# Inherited House Price Prediction

## Objectives

* Use the Inherited model to predict the prices of inherited properties

## Inputs

* Trained and vaidated ML model, inherited houses data file

## Outputs

* outputs/datasets/predict_sale_price/predicted_prices_for_inherited_houses.csv

---

# Change working directory

* We are assuming you will store the notebooks in a subfolder, therefore when running the notebook in the editor, you will need to change the working directory

We need to change the working directory from its current folder to its parent folder
* We access the current directory with os.getcwd()

In [3]:
import os
current_dir = os.getcwd()
current_dir

'/workspace/pp5_project_heritage_housing/jupyter_notebooks'

We want to make the parent of the current directory the new current directory
* os.path.dirname() gets the parent directory
* os.chir() defines the new current directory

In [4]:
os.chdir(os.path.dirname(current_dir))
print("You set a new current directory")

You set a new current directory


Confirm the new current directory

In [5]:
current_dir = os.getcwd()
current_dir

'/workspace/pp5_project_heritage_housing'

Import cleaned dataset and split it into train and test set

In [6]:
import pandas as pd
from sklearn.model_selection import train_test_split

# read data
df = pd.read_csv("outputs/datasets/collection/house_price_records.csv") 

# split data 80/20
X_train, X_test,y_train, y_test = train_test_split(
                                    df.drop(['SalePrice'], axis=1) ,
                                    df['SalePrice'],
                                    test_size=0.2,
                                    random_state=0
                                    )

print("* Train set:", X_train.shape, y_train.shape, "\n* Test set:",  X_test.shape, y_test.shape)

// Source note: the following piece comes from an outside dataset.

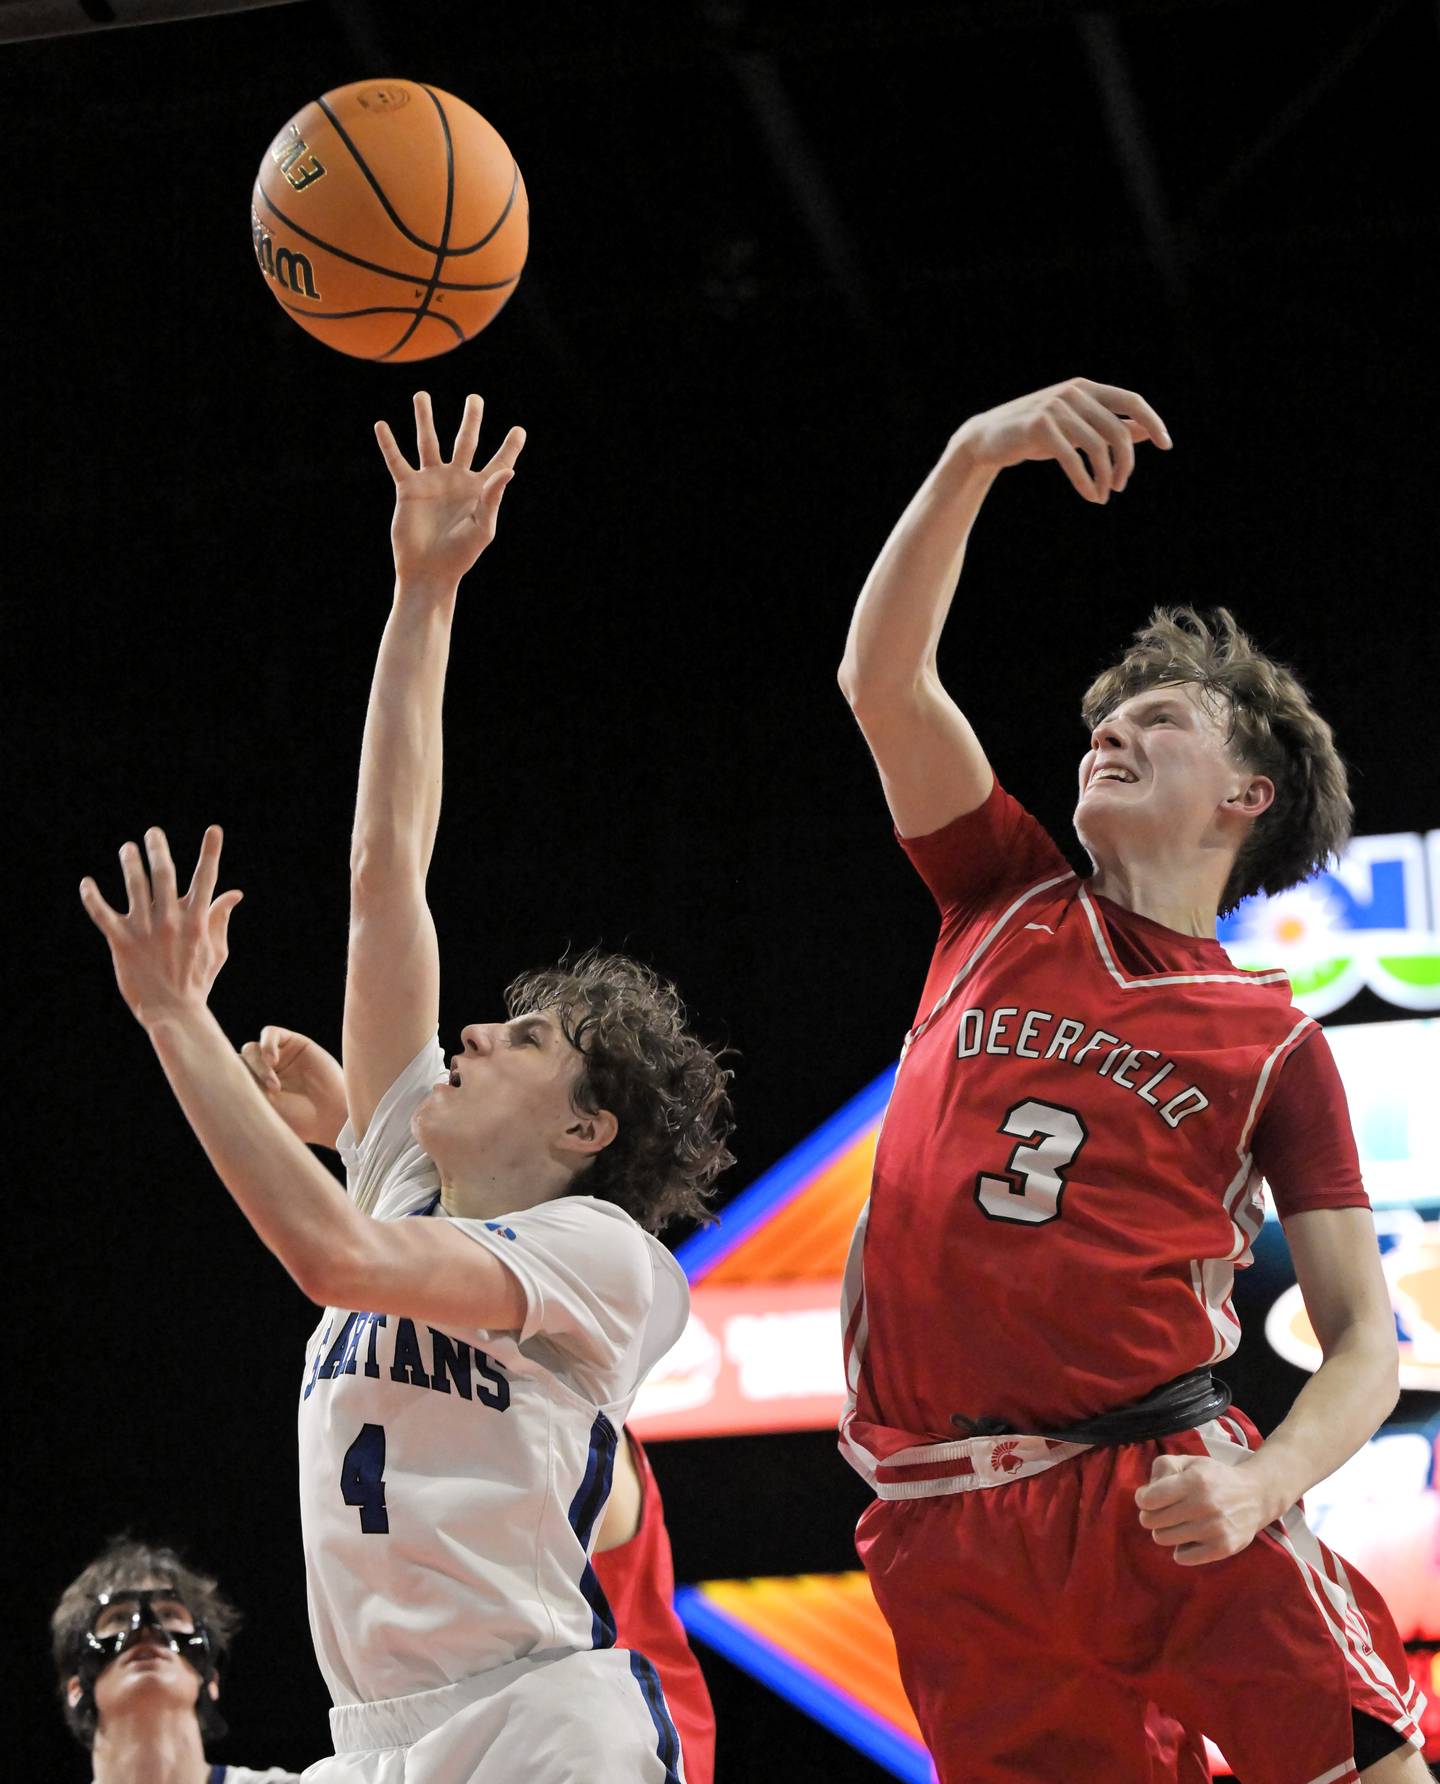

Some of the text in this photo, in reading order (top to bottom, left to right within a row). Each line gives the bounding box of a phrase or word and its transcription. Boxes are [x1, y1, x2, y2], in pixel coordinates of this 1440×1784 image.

[957, 1007, 1210, 1130] DEERFIELD
[973, 1096, 1089, 1227] 3
[340, 1423, 389, 1534] 4

* Train set: (1168, 23) (1168,) 
* Test set: (292, 23) (292,)


## Inherited house price prediction

In [7]:
from src.data_management import load_pkl_file

# load the latest ml model pipeline that is optimised with only few best features
version = "v5"
ml_pipeline = load_pkl_file(
    f"outputs/ml_pipeline/predict_price/{version}/regression_pipeline.pkl"
)

# load best features from last saved pipeline, i.e. v5's train set
best_features = pd.read_csv(
    "outputs/ml_pipeline/predict_price/v5/X_train.csv"
).columns.to_list()

# Fit and transform to predict
ml_pipeline.fit(X_train[best_features], y_train)

# load raw dataset
X_inherited_house_data = pd.read_csv(
    "outputs/datasets/collection/inherited_houses.csv"
)

# predict house prices
y_predicted_price = ml_pipeline.predict(X_inherited_house_data[best_features])

# ==== End of core ML logic ====

# append the values
"Predicted Sale Price"] = y_predicted_price

In [8]:
X_inherited_house_data.to_csv("outputs/datasets/predict_sale_price/predicted_prices_for_inherited_houses.csv")

In [10]:
X_inherited_house_data


Unnamed: 0,1stFlrSF,2ndFlrSF,BedroomAbvGr,BsmtExposure,BsmtFinSF1,BsmtFinType1,BsmtUnfSF,EnclosedPorch,GarageArea,GarageFinish,...,LotFrontage,MasVnrArea,OpenPorchSF,OverallCond,OverallQual,TotalBsmtSF,WoodDeckSF,YearBuilt,YearRemodAdd,Predicted Sale Price
0,896,0,2,No,468.0,Rec,270.0,0,730.0,Unf,...,80.0,0.0,0,6,5,882.0,140,1961,1961,129450.897903
1,1329,0,3,No,923.0,ALQ,406.0,0,312.0,Unf,...,81.0,108.0,36,6,6,1329.0,393,1958,1958,157564.748372
2,928,701,3,No,791.0,GLQ,137.0,0,482.0,Fin,...,74.0,0.0,34,5,5,928.0,212,1997,1998,166747.546848
3,926,678,3,No,602.0,GLQ,324.0,0,470.0,Fin,...,78.0,20.0,36,6,6,926.0,360,1998,1998,177049.31788


# Conclusion

The predicted sale prices are now available for client to look at.